Saturday, February 21, 2009

Education rights and wrong?

Do the middle classes dominate the best schools or are they the best schools because they are dominated by the middle classes!?!

The introduction of lotteries to determine school admissions will simply destroy the best schools whilst failing to improve other schools.

7 comments:

xoggoth said...

Definitely the latter.

Mark Wadsworth said...

S, that's only one link in the first para, I shall have to mark you down for that.

Actually, both explanations are true. If one state school is better than the others, then house prices in that area rise. So only wealthier people can afford to move there, and as wealthier people tend to have more stable families etc (it's the stability that's important, not the wealth) their kids tend to do better, so further improving the school, thus further pushing up house prices etc in a self-reinforcing spiral. This phenomenon is called 'agglomeration'.

The joke is that such 'free' schools aren't free at all. Apart from the obvious point that wealthier people pay far more in taxes than the 'free' education actually costs, if you have to pay a £100,000 premium to buy a house in that area, then actually you are paying an extra £7,000 on your mortgage as well.

Land Value Tax and vouchers for education will sort all that out.

Snafu said...

Mark, I have no problem with school vouchers and breaking the link between education and Government experts once and for all.

I really need to have a think about the benefits of Land Value Tax. All taxes distort economic activity.

PS If both explanations are true, will poorer children destroy good schools with no commensurate increase in educational attainment elsewhere!?!

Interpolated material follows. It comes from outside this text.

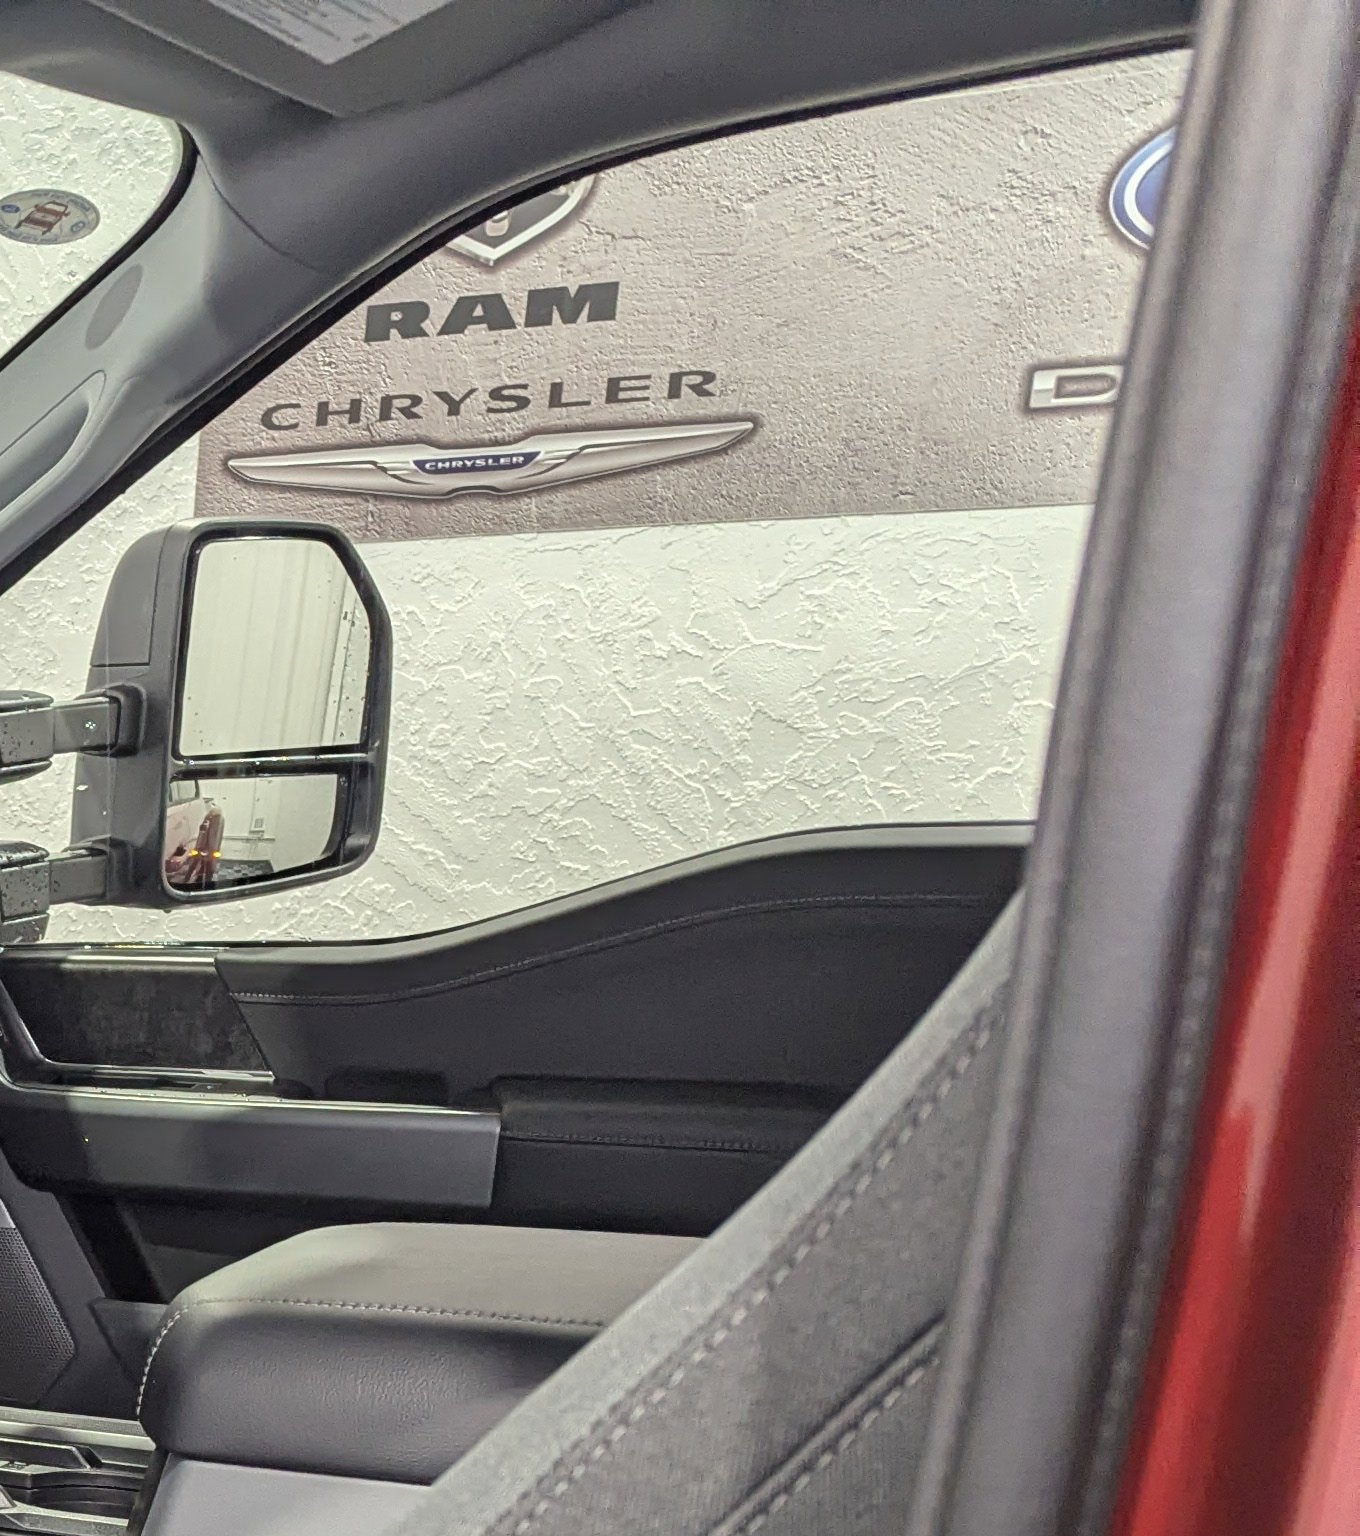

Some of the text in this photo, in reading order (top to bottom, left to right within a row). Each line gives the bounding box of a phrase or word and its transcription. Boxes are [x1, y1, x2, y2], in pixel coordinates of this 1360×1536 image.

[363, 280, 620, 343] RAM
[260, 369, 723, 432] CHRYSLER
[423, 451, 527, 473] CHRYSLER

The Economic Voice said...

"Education, education, education." Concentrate on the 3 Rs I say:
Rooney, Ronaldo and Rafael. Innit.

marksany said...

define "good school"

Is it a school that get the best results? Or does it have the highest value add or the highest contextual value add. Lots of "good" schools are full of bright kids coasting to good exam results when they should be getting outstanding results.

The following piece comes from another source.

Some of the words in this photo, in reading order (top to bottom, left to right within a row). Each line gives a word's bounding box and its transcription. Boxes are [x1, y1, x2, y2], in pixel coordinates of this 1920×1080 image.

What matters to a parent is how well your child will do at school and a "good" school is not necessarily the best option for your child.

Snafu said...

Marksany, I suspect a good school these days is one that turns it's back on the national curriculum and offers the international baccalaureat...

Let the market decide, good schools are oversubscribed, teachers at undersubscribed schools should be sacked.

Mark Wadsworth said...

Snafu, I was talking about LVT in the specific and narrow context of 'good schools'.

Let us assume that even with vouchers, local councils can make it easier or harder for competing schools to open up in an area. Those that make it easier will see property values and hence land values rise.

It is quite clear that people are prepared to pay more to live near a good school, but with vouchers and LVT, instead of the gains accruing purely to whomever sells up and moves away (for example because their children have finished school and started university or training) the gains would accrue partly to the more liberal councils - so they get more money for doing 'the right thing' and they can use this money to cut other taxes or to top up the education vouchers etc.

Or they might spend it on fact finding missions to bali, who knows, and frankly who cares?